Record excerpts
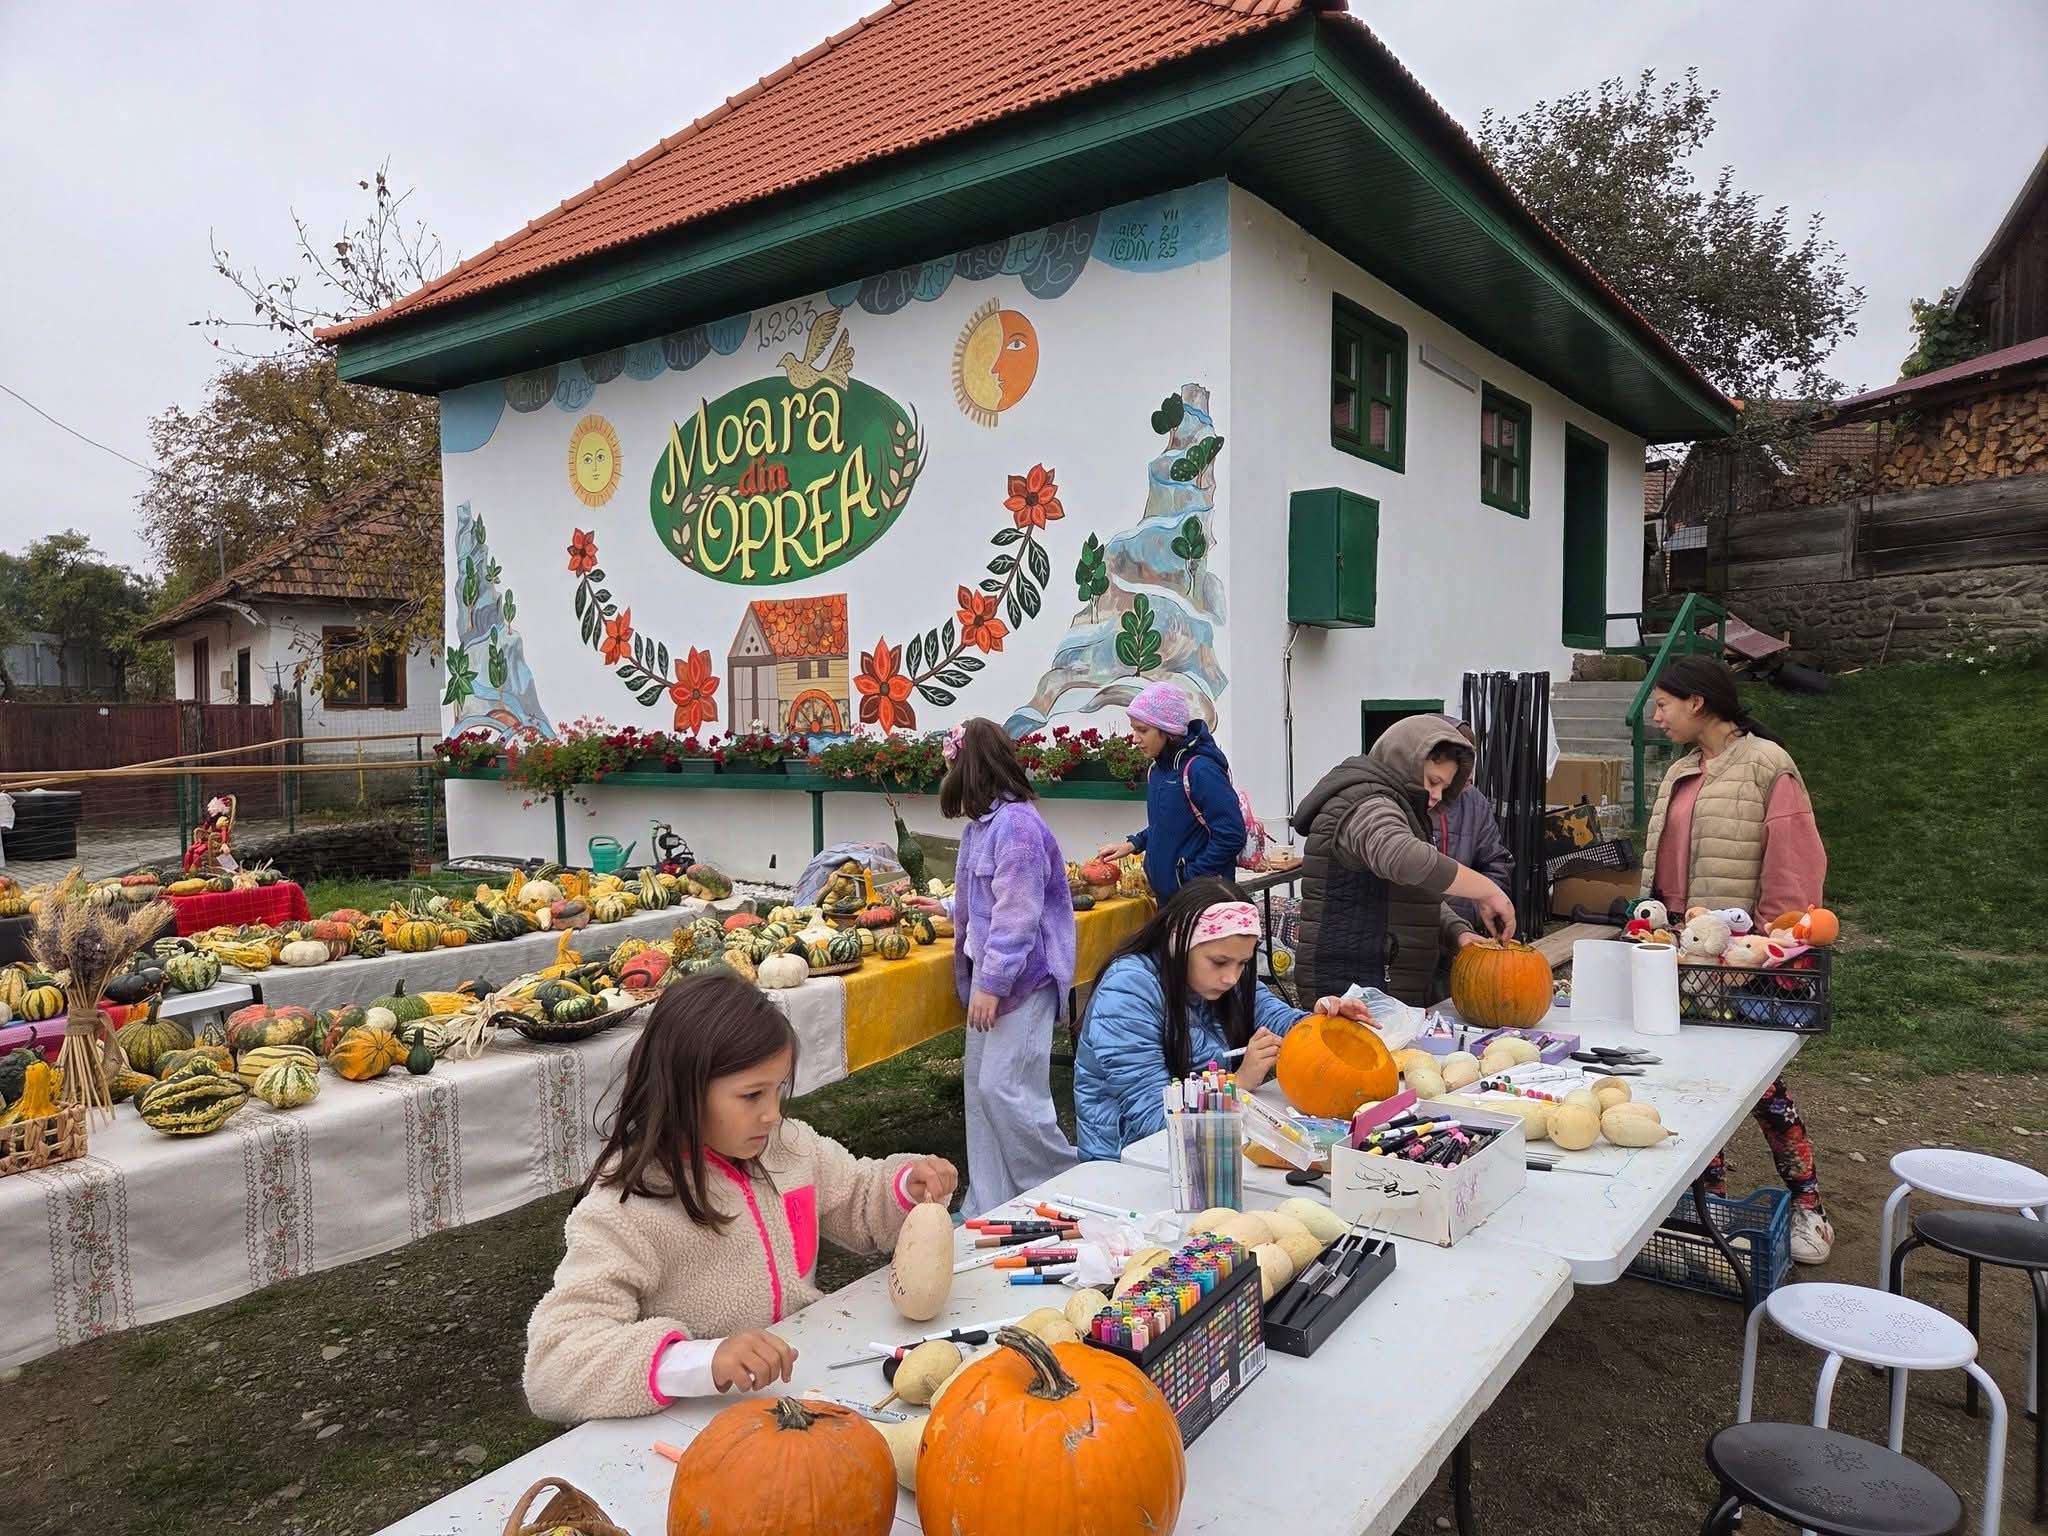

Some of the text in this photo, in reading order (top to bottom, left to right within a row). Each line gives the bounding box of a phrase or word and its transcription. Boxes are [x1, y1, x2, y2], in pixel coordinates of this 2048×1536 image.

[1158, 241, 1178, 260] 25
[754, 301, 818, 352] 1223
[661, 387, 849, 505] Moara
[738, 455, 789, 497] din
[697, 444, 879, 580] OPREA
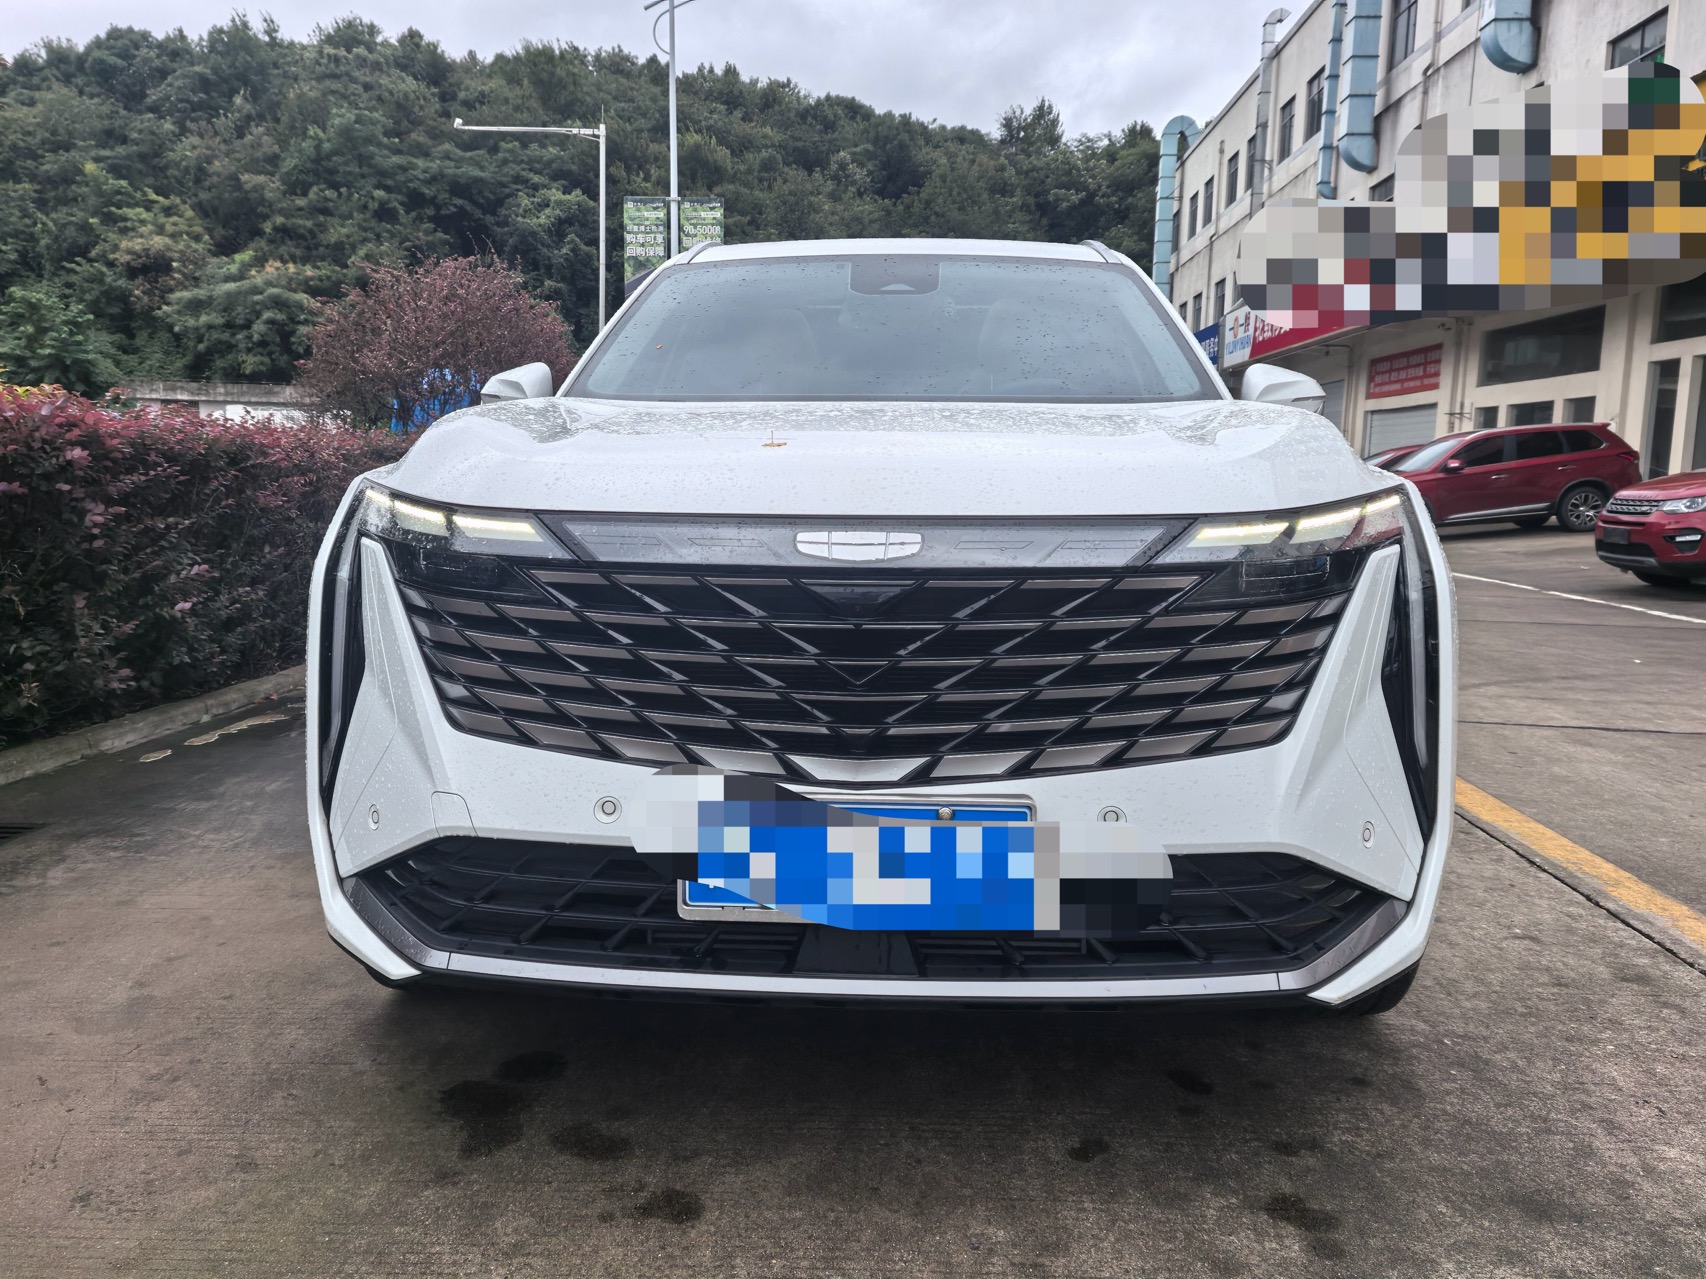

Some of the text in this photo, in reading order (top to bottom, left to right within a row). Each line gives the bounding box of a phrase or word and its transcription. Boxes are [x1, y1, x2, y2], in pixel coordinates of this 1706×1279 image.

[626, 234, 665, 244] 购车可享
[626, 246, 665, 257] 回购保障
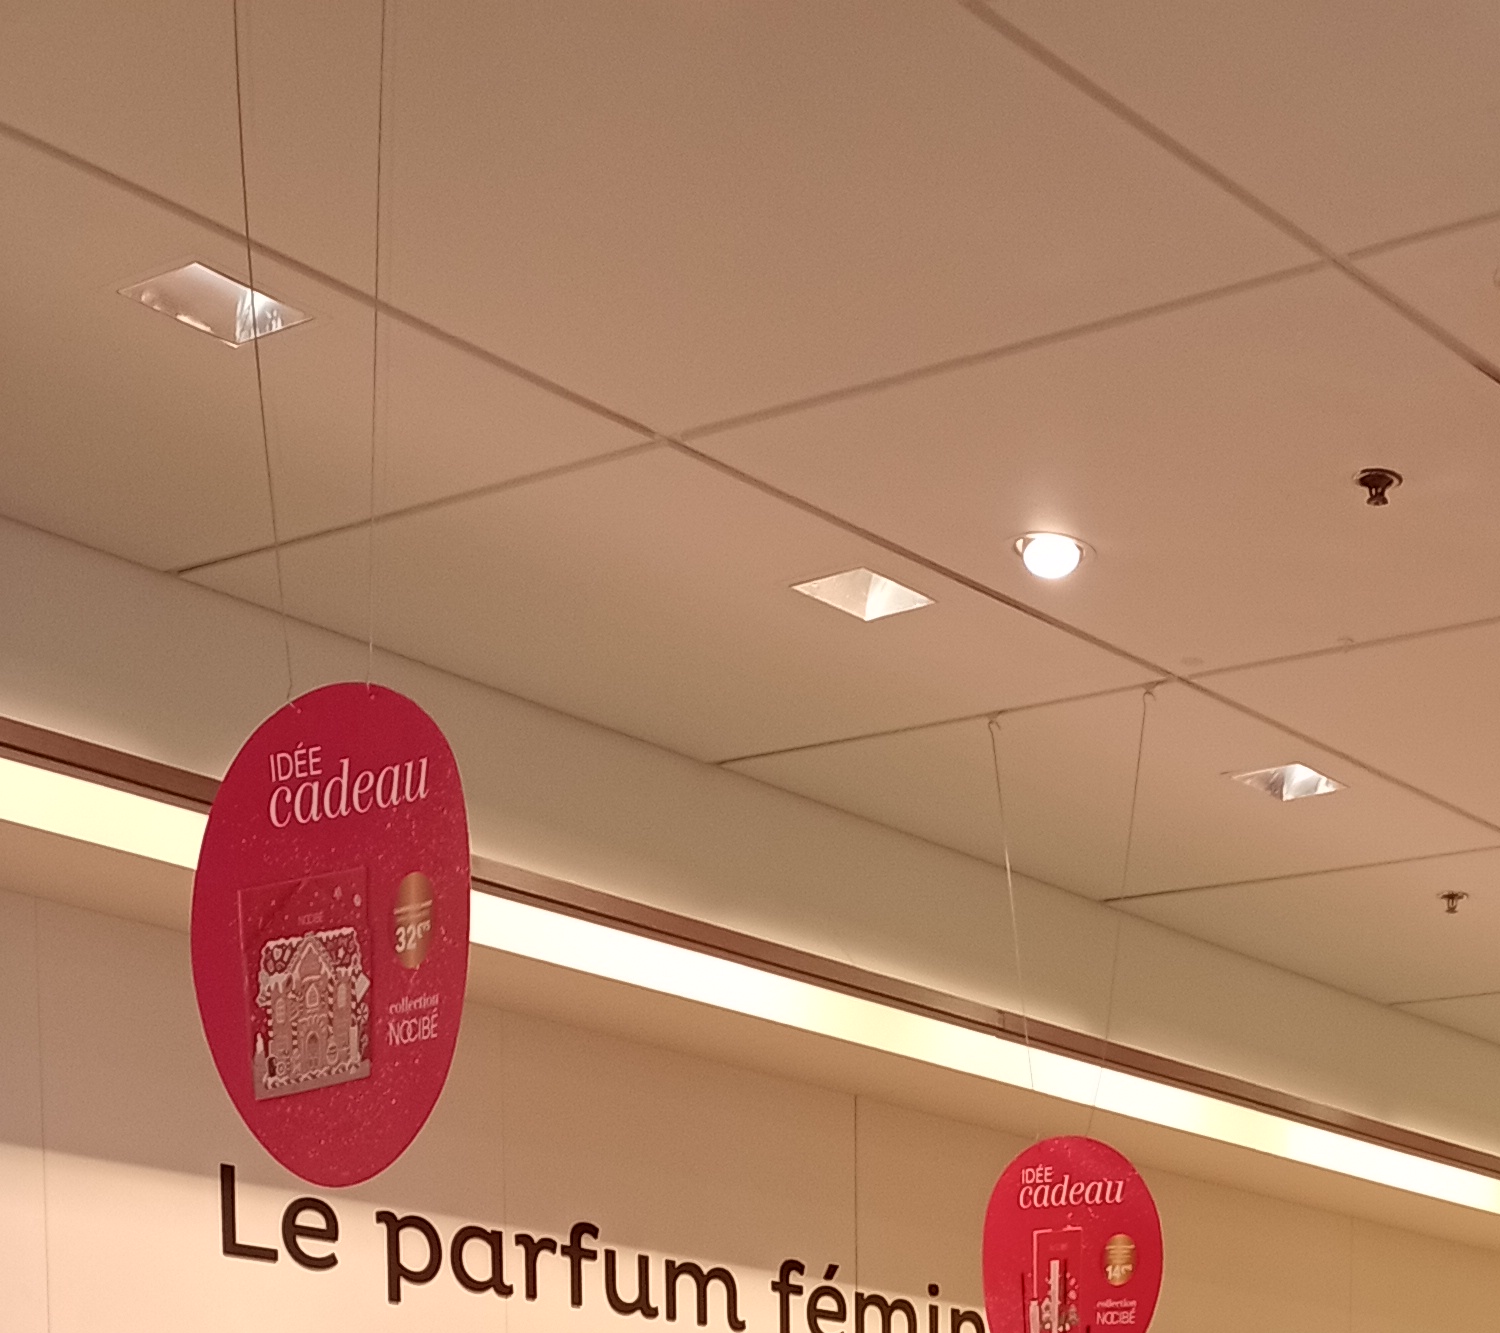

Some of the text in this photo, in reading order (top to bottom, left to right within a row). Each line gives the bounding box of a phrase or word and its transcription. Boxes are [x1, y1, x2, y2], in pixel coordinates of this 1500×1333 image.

[269, 742, 322, 783] IDÉE
[269, 756, 429, 828] cadeau
[388, 1008, 439, 1046] NOCIBÉ
[1019, 1174, 1124, 1209] cadeau
[1021, 1163, 1053, 1185] IDÉE
[219, 1163, 339, 1271] Le
[375, 1207, 747, 1331] parfum
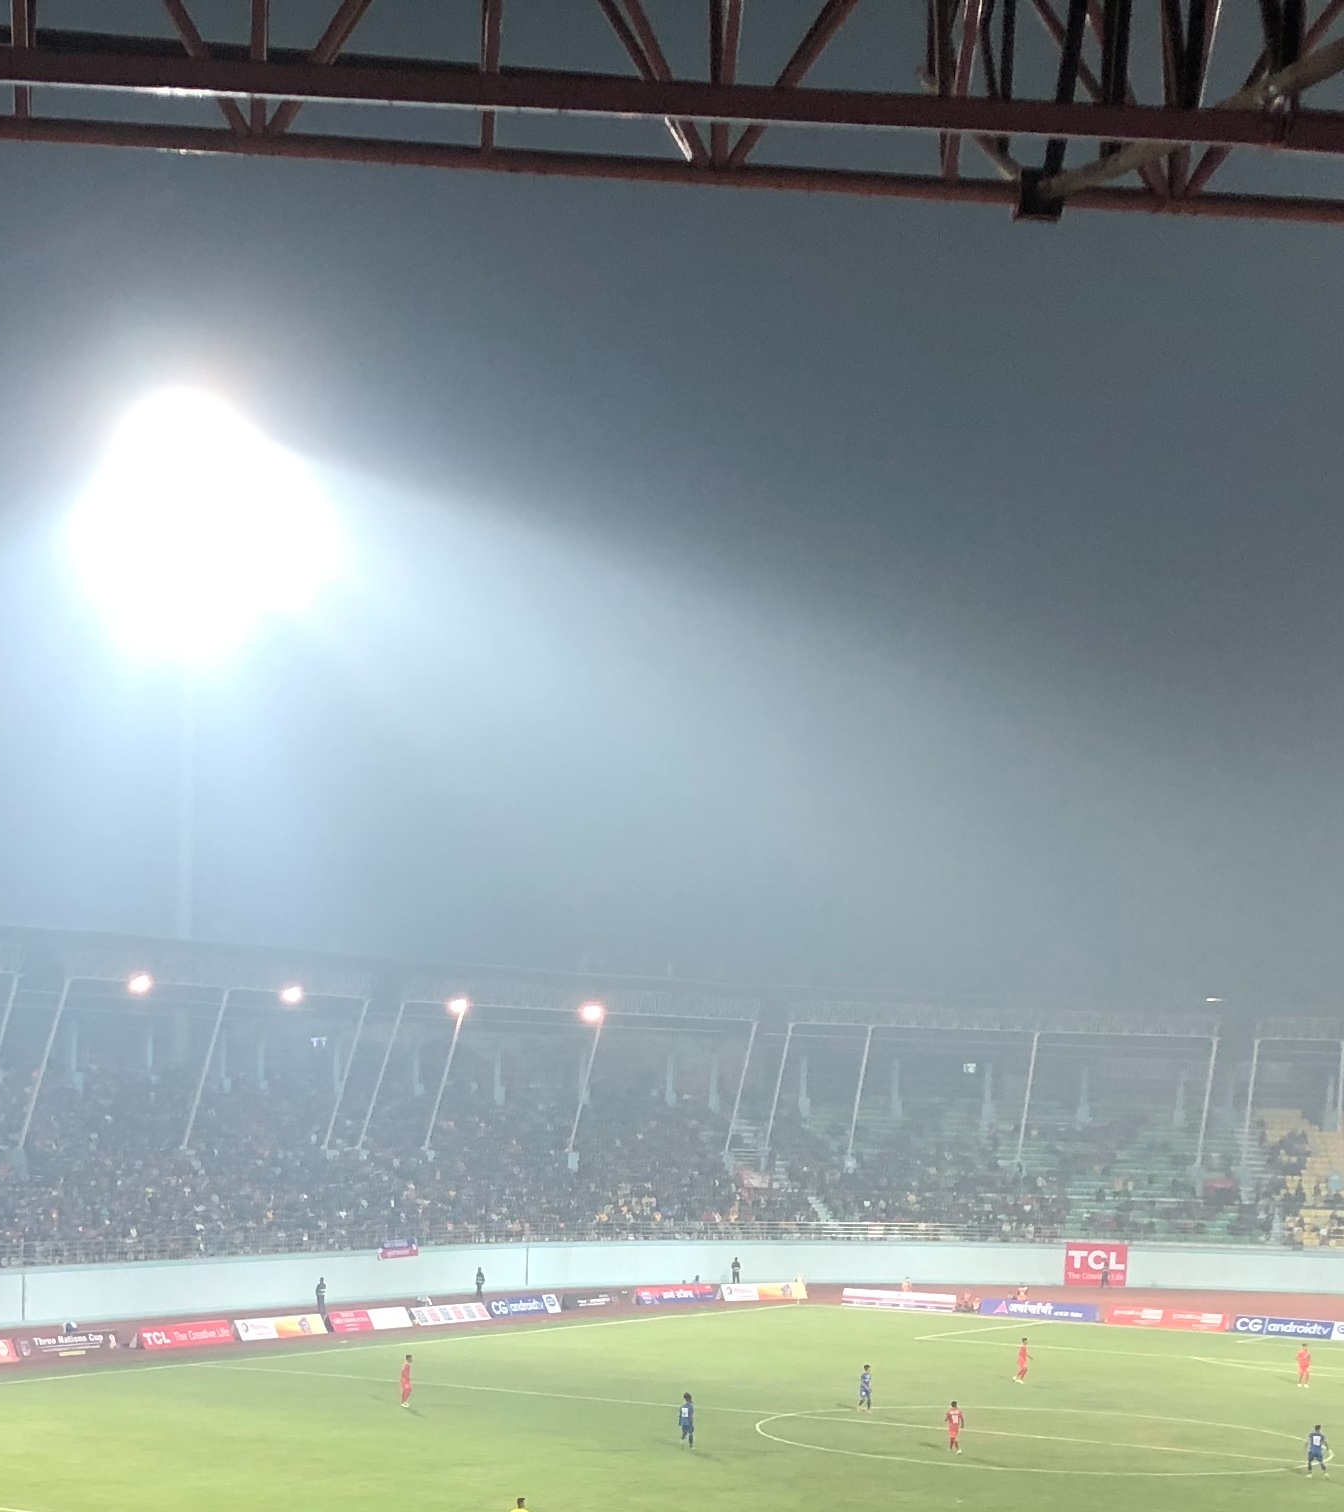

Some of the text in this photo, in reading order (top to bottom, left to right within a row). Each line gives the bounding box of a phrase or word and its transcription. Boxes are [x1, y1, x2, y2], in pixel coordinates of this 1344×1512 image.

[1068, 1250, 1126, 1270] TCL
[491, 1300, 509, 1315] CG
[1236, 1317, 1332, 1336] CG androidtv
[142, 1332, 172, 1346] TCL

Exercise aim
Print the records word for word and exclude any picture they hold.

Solution below
Some of the text in this photo, in reading order (top to bottom, left to right within a row). Each line gives the bounding box of a phrase or word and its transcription. Boxes are [x1, y1, x2, y2], in pixel coordinates of this 2048×1536 image.

[1158, 241, 1178, 260] 25
[754, 301, 818, 352] 1223
[661, 387, 849, 505] Moara
[738, 455, 789, 497] din
[697, 444, 879, 580] OPREA

Some of the text in this photo, in reading order (top to bottom, left to right within a row). Each line gives the bounding box of a phrase or word and its transcription. Boxes are [x1, y1, x2, y2], in pixel coordinates of this 1706×1279 image.

[626, 234, 665, 244] 购车可享
[626, 246, 665, 257] 回购保障

Some of the text in this photo, in reading order (top to bottom, left to right within a row). Each line gives the bounding box of a phrase or word and its transcription. Boxes are [x1, y1, x2, y2], in pixel coordinates of this 1500×1333 image.

[269, 742, 322, 783] IDÉE
[269, 756, 429, 828] cadeau
[388, 1008, 439, 1046] NOCIBÉ
[1019, 1174, 1124, 1209] cadeau
[1021, 1163, 1053, 1185] IDÉE
[219, 1163, 339, 1271] Le
[375, 1207, 747, 1331] parfum

Some of the text in this photo, in reading order (top to bottom, left to right within a row). Each line gives the bounding box of a phrase or word and its transcription. Boxes are [x1, y1, x2, y2], in pixel coordinates of this 1344×1512 image.

[1068, 1250, 1126, 1270] TCL
[491, 1300, 509, 1315] CG
[1236, 1317, 1332, 1336] CG androidtv
[142, 1332, 172, 1346] TCL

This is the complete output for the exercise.